* **REQUIREMENT**: Extract every record, exactly as written, and ignore the pictures.

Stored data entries
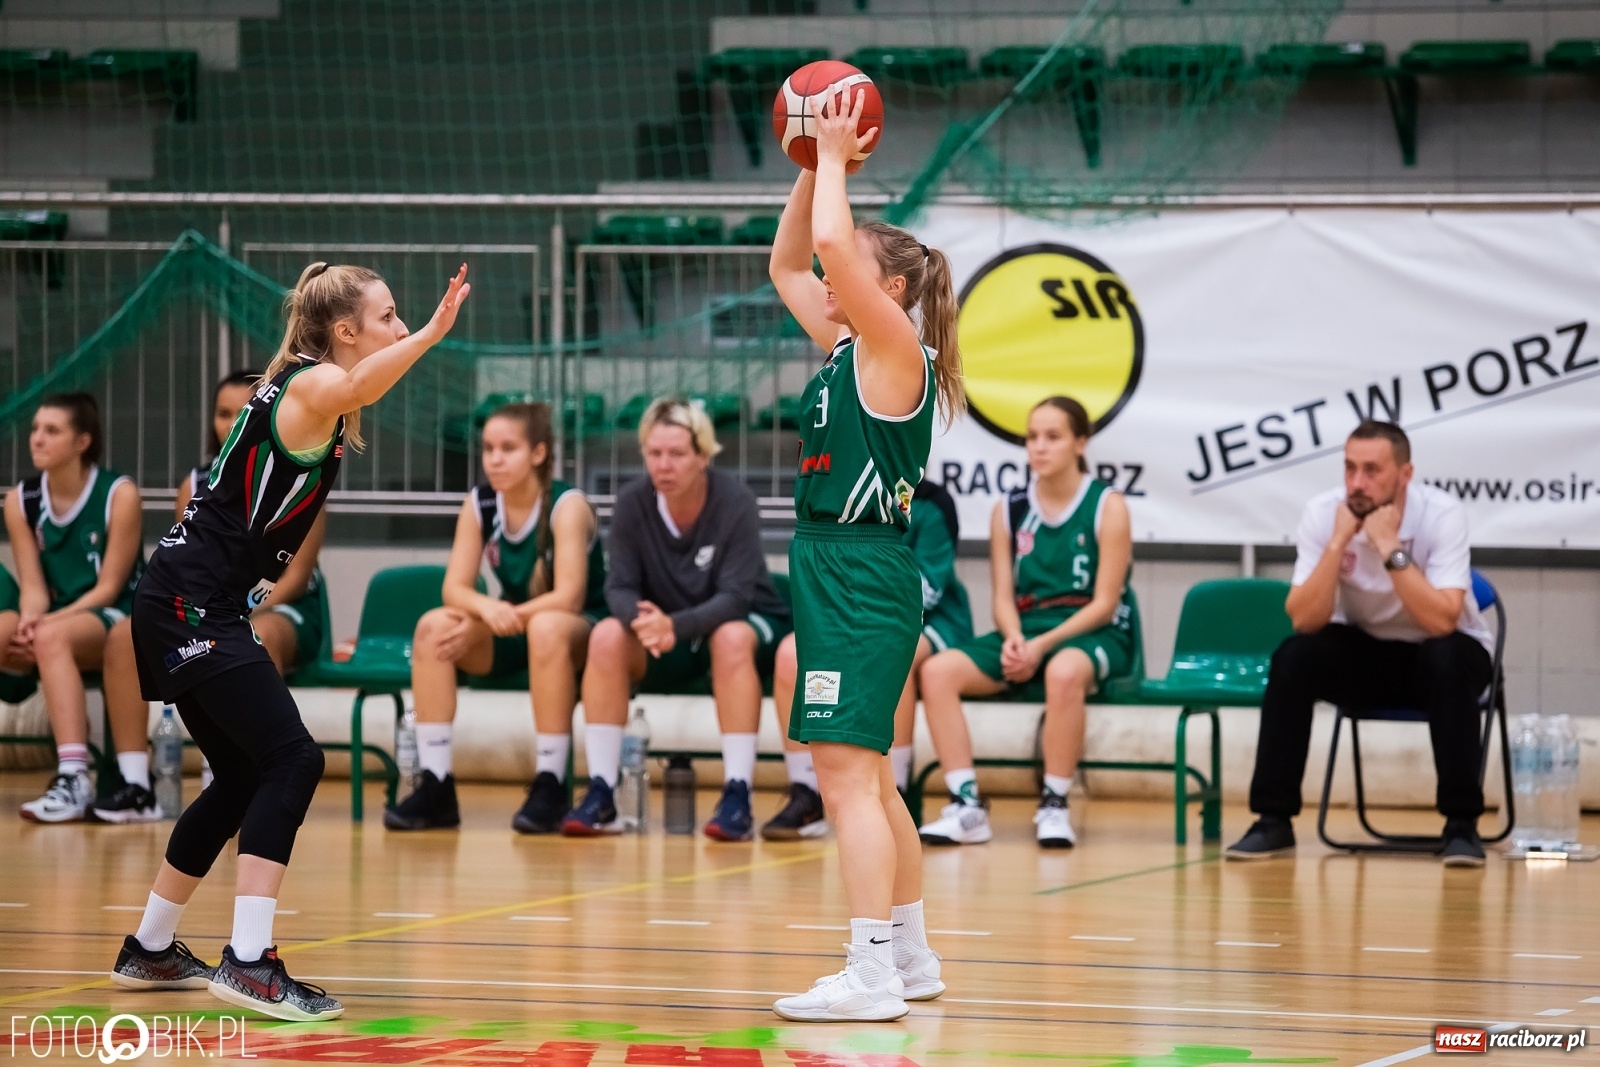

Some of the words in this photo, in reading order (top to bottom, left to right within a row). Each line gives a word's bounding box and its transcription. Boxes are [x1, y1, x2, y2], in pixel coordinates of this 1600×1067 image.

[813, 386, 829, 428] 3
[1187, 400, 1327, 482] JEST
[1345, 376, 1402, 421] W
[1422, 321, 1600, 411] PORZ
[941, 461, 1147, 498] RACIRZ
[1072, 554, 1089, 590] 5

* **ANSWER SECTION**:
Some of the words in this photo, in reading order (top to bottom, left to right within a row). Each line gives a word's bounding box and its transcription. Boxes are [x1, y1, x2, y2], in pixel coordinates of this 1600×1067 image.

[813, 386, 829, 428] 3
[1187, 400, 1327, 482] JEST
[1345, 376, 1402, 421] W
[1422, 321, 1600, 411] PORZ
[941, 461, 1147, 498] RACIRZ
[1072, 554, 1089, 590] 5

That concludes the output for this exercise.